February is American Heart Month. Since cardiovascular disease is one of the leading cause of deaths in Americans, the entire month is dedicated to raising awareness of heart health.
Cardiovascular diseases are typically the result of atherosclerosis, which is the buildup of plaque in the arteries. This buildup develops gradually over time, as soft fatty streaks form along the inner walls of arteries. As the buildup continues, these streaks begin to harden into plaque, which constricts the blood flow through the arteries. This can lead to a heart attack, the formation of blood clots, or stroke.
There are several risk factors that may contribute to whether or not you will develop some form of cardiovascular disease during your lifetime. Some of these risk factors are beyond your control, such as your gender and your genes, for instance. Men typically run a higher risk of developing cardiovascular disease than women, as do people who have other family members who have the disease. There are other risk factors, however, that can be controlled or eliminated by following a healthy lifestyle.
Here are eight steps that you can take to have a healthy heart and lower your chances of developing cardiovascular disease:
1. Know your risk factors. It is important to be aware of any risk factors that you may possess. For example, if you have a parent or other close family member with cardiovascular disease, you are at a higher risk. The odds of developing cardiovascular disease also tend to increase as we age. People who are diabetic have an elevated risk of developing cardiovascular disease because chronic high blood sugar is associated with the narrowing of the arteries. People with diabetes also tend to have lower levels of “good” HDL cholesterol and increased levels of triglycerides (blood fats).
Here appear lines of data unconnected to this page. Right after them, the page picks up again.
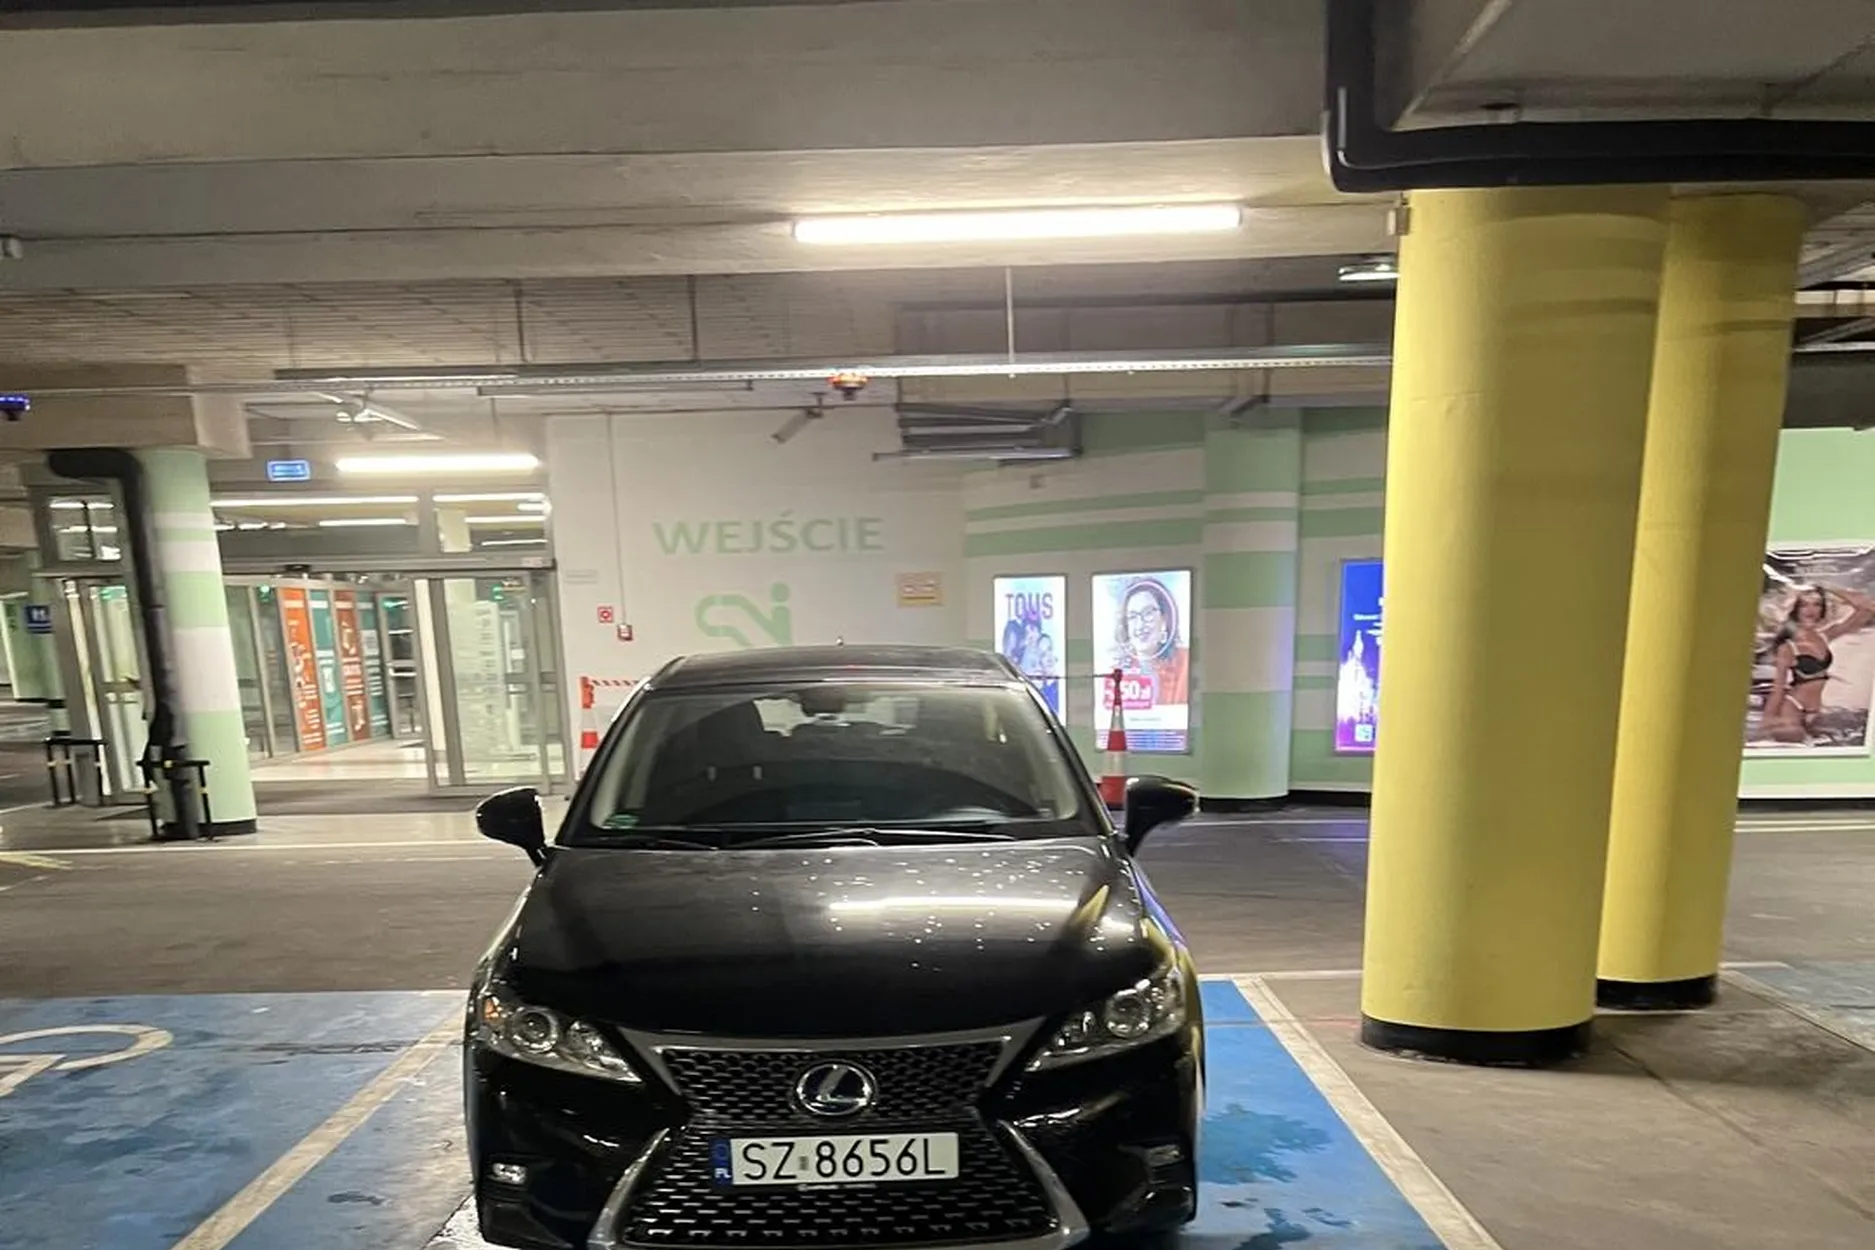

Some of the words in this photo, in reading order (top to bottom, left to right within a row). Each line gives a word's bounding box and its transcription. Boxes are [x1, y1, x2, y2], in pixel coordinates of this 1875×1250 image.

[652, 510, 886, 555] WEJŚCIE
[1005, 592, 1053, 620] TOUS
[743, 1142, 797, 1180] SZ
[816, 1138, 946, 1177] 8656L
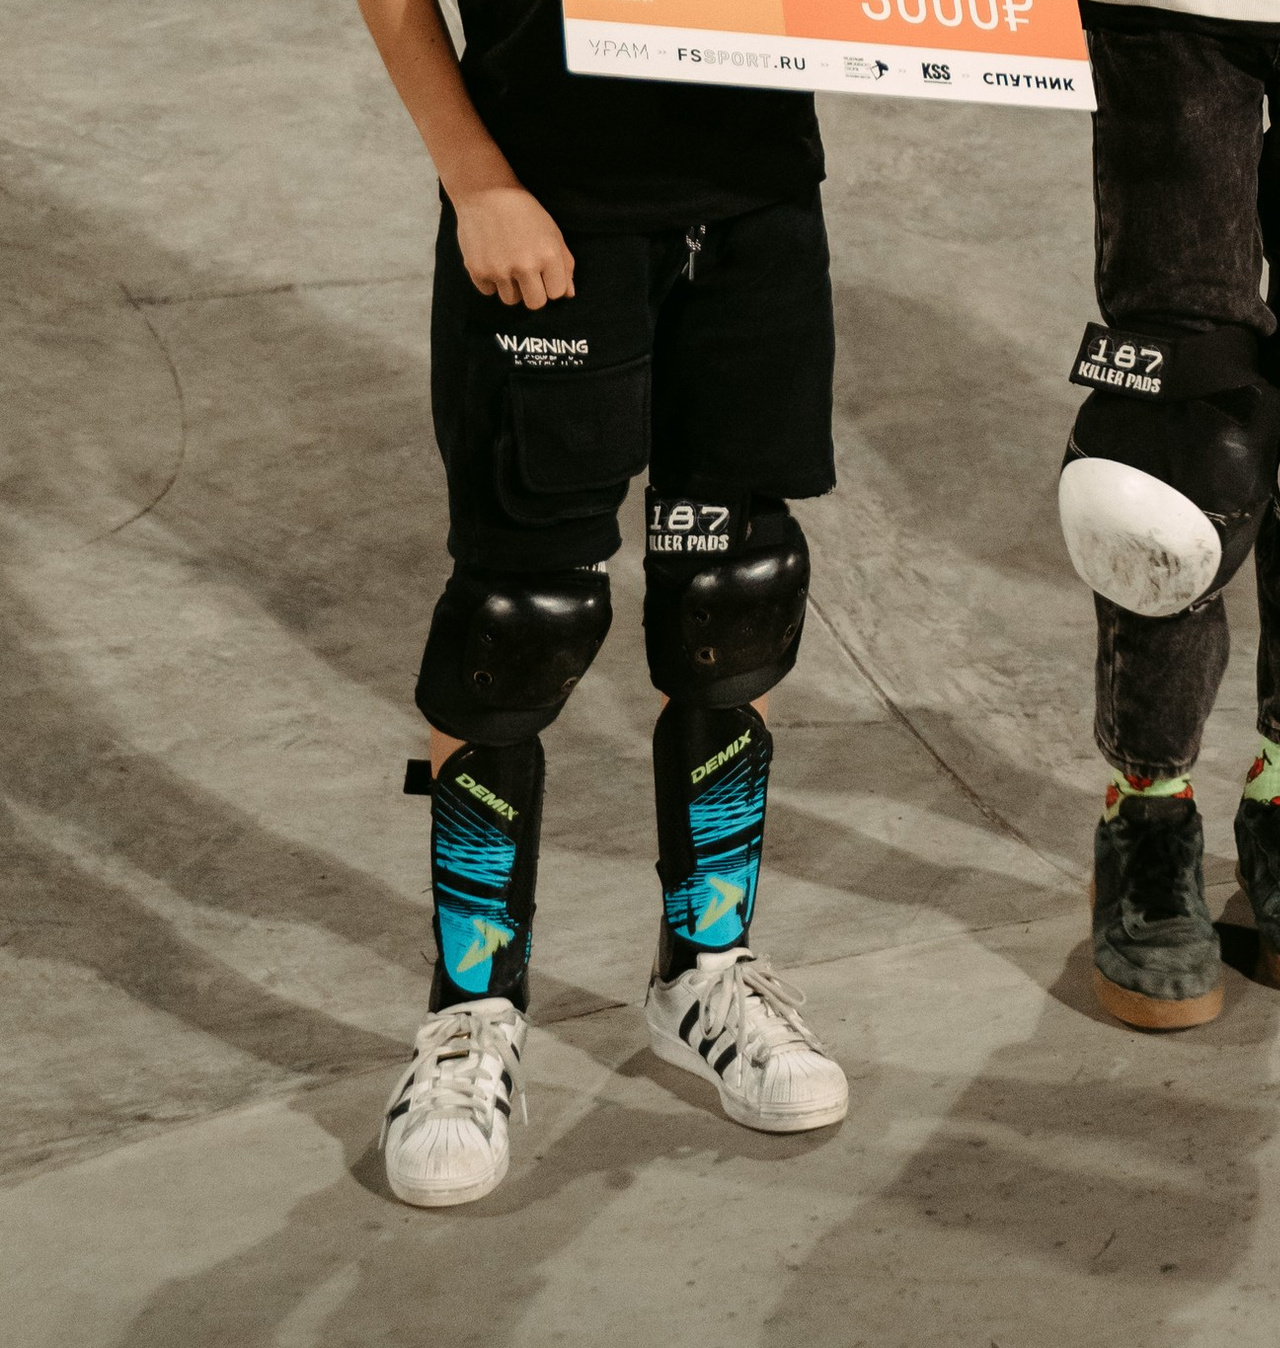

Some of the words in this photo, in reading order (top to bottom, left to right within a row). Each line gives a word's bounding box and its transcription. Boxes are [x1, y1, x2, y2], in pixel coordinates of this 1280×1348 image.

[677, 47, 807, 71] FSSPORT.RU
[921, 61, 951, 81] KSS
[982, 72, 1076, 92] СПУТНИК
[496, 333, 589, 354] WARNING
[1091, 338, 1163, 374] 187
[1078, 360, 1125, 387] KILLER
[1124, 372, 1162, 394] PADS
[649, 505, 730, 532] 187
[686, 534, 730, 551] PADS
[691, 729, 753, 785] DEMIX
[455, 772, 519, 821] DEMIX
2. Make healthy food choices. Your diet can have a major impact on your chances of developing cardiovascular disease. Limit your intake of greasy or fried foods, and fatty red meats. Fill your diet instead with fresh fruits and vegetables, lean meats such as poultry and seafood, and fiber-rich foods such as whole-grain oatmeal and whole-grain breads.
3. If you’re overweight, get to a healthy weight and maintain it. If you are currently overweight, your odds of developing cardiovascular disease are higher. A loss of just 10 to 20 pounds can help lower your likelihood of developing cardiovascular disease. Work with your physician or dietitian to find a healthy eating plan that will work for you.
4. Establish and follow a regular exercise program. According to the Dietary Guidelines for Americans, 2010, it is recommended to reduce the risk of chronic disease to engage in at least 30 minutes of moderate intensity activity most days of the week. Consult with your family physician to see what forms of activity are appropriate for your age and current physical condition.
5. Have your cholesterol and blood pressure checked regularly. Have your family physician check your cholesterol and blood pressure at least once a year. If either of these sets of numbers is high, your chances of developing cardiovascular disease greatly increase. Your physician can help you modify your lifestyle by improving your diet and adding exercise in order to bring your numbers under control. In some cases, your physician may also prescribe medication to help return your cholesterol or blood pressure numbers to normal levels.
6. If you smoke, you should quit. Smoking is one of the leading causes of cardiovascular diseases. According to the American Medical Association, people can cut their risk of developing cardiovascular disease in half within one year of quitting smoking.
7. Get a handle on your stress. Stress may help contribute to heart disease. Stress can also cause your blood pressure to rise and may lead to unhealthy behaviors such as smoking or binging on unhealthy foods. Try practicing meditation or yoga as a way to combat stress. Take a few minutes out of each day and do something you enjoy, such as listening to music or reading, for example.
8. Don’t ignore possible warning signs. That burning sensation in your chest may simply be the result of heartburn, but it could also be a warning sign of the presence of cardiovascular disease. Other symptoms may include a sense of tightness emanating from the breastbone and into the neck, jaw and arm or a shortness of breath. If you have any of these symptoms, don’t casually dismiss them. Let your physician determine what is causing them and follow his advice. Heart disease is a leading cause of death in the United States for both men and women. While some of the causes are beyond your control, many of them are not. If you follow a healthy diet and lead an active lifestyle, you may be able to reduce your risk of heart disease. Work with your family physician to develop a lifestyle plan that is right for you.